More than 80% of cancer patients will develop pain during the course of their disease or treatment.1 Chronic pain in cancer patients is of particular concern, with approximately 1/3 of cancer patients experiencing pain symptoms even after curative therapy.2 Pain sources in cancer are very diverse. In many cases, tumor growth can lead to damage of inflammation of neurons, pressure and compression of organs and tissues, muscle mobilization or increased tension, all resulting in pain.3 Radiation treatments, chemotherapy and surgery are often associated with pain as a result of cancer therapies.

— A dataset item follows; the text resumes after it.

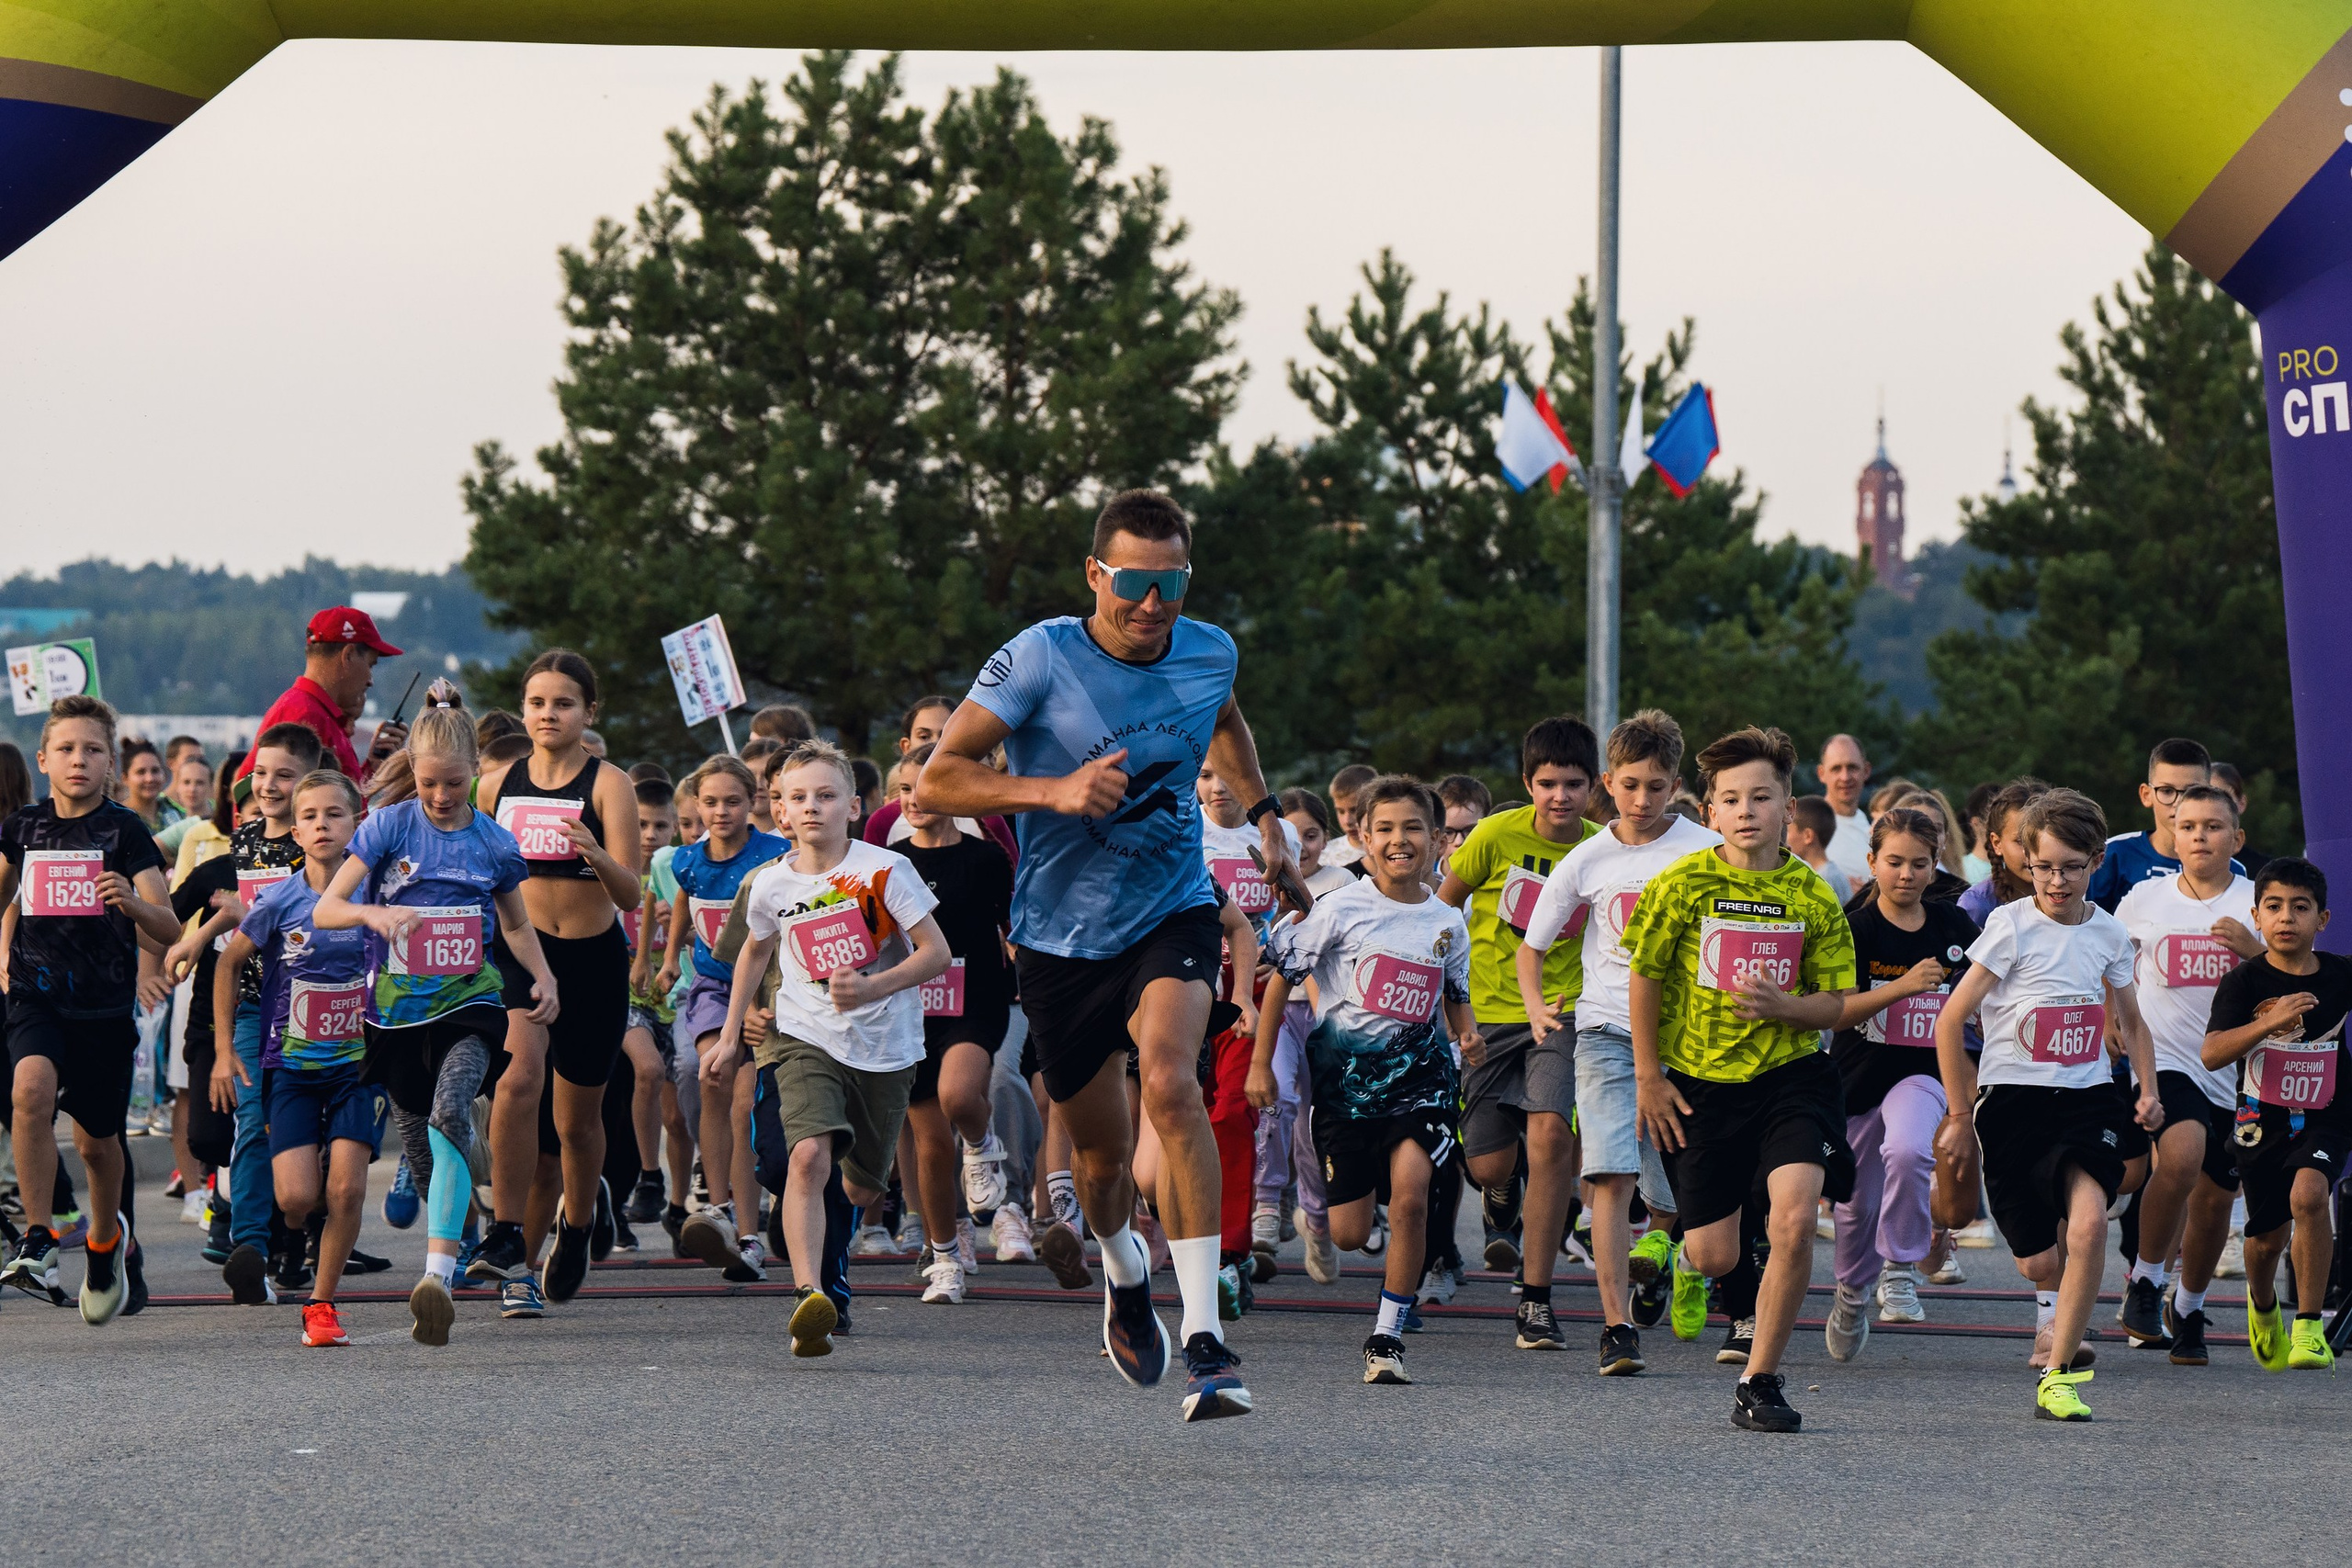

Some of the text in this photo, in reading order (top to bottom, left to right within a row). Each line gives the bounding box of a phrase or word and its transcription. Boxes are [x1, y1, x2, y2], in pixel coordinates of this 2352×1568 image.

Cancer pain is manageable, although often undertreated. Pharmacological treatment of cancer pain is generally effective in 90% of patients; however side effects of pharmacological treatment are often not well tolerated, leading to diminished quality-of-life.2Interventional pain techniques can be applied, even at early stages, to address pain while minimizing use of heavy opioids in cancer pain management. Epidural administration of analgesics can be used to target pain while avoiding systemic side effects.4 Upper abdominal pain is often present in pancreatic and stomach cancers. Celiac plexus blocks have proven effective in treating abdominal pains associated with digestive and pancreatic cancers, with patients reporting reduced pain (90%) or no pain (56%) extending 3 months after treatment.5 Pain from rectal, pelvic or perineal malignancies may also respond well to procedures such as a Ganglion Impar block.

References

  1. Bruera, E. & Kim, H. N. Cancer pain. JAMA : the journal of the American Medical Association290, 2476–9 (2003)
  2. National Cancer Institute. Pain (PDQ®). http://www.cancer.gov/cancertopics/pdq/supportivecare/pain/HealthProfessional/page1. Accessed July 28, 2014.
  3. Vadalouca, A. et al. Pharmacological treatment of neuropathic cancer pain: a comprehensive review of the current literature. Pain practice 12, 219–51 (2012)
  4. Vissers, K. et al. 23. Pain in patients with cancer. Pain practice 11, 453–75 (2011).
  5. Eisenberg E. et al. Neurolytic celiac plexus block for treatment of cancer pain: a meta-analysis. Anesth Analg. 80, 290–295 (1995).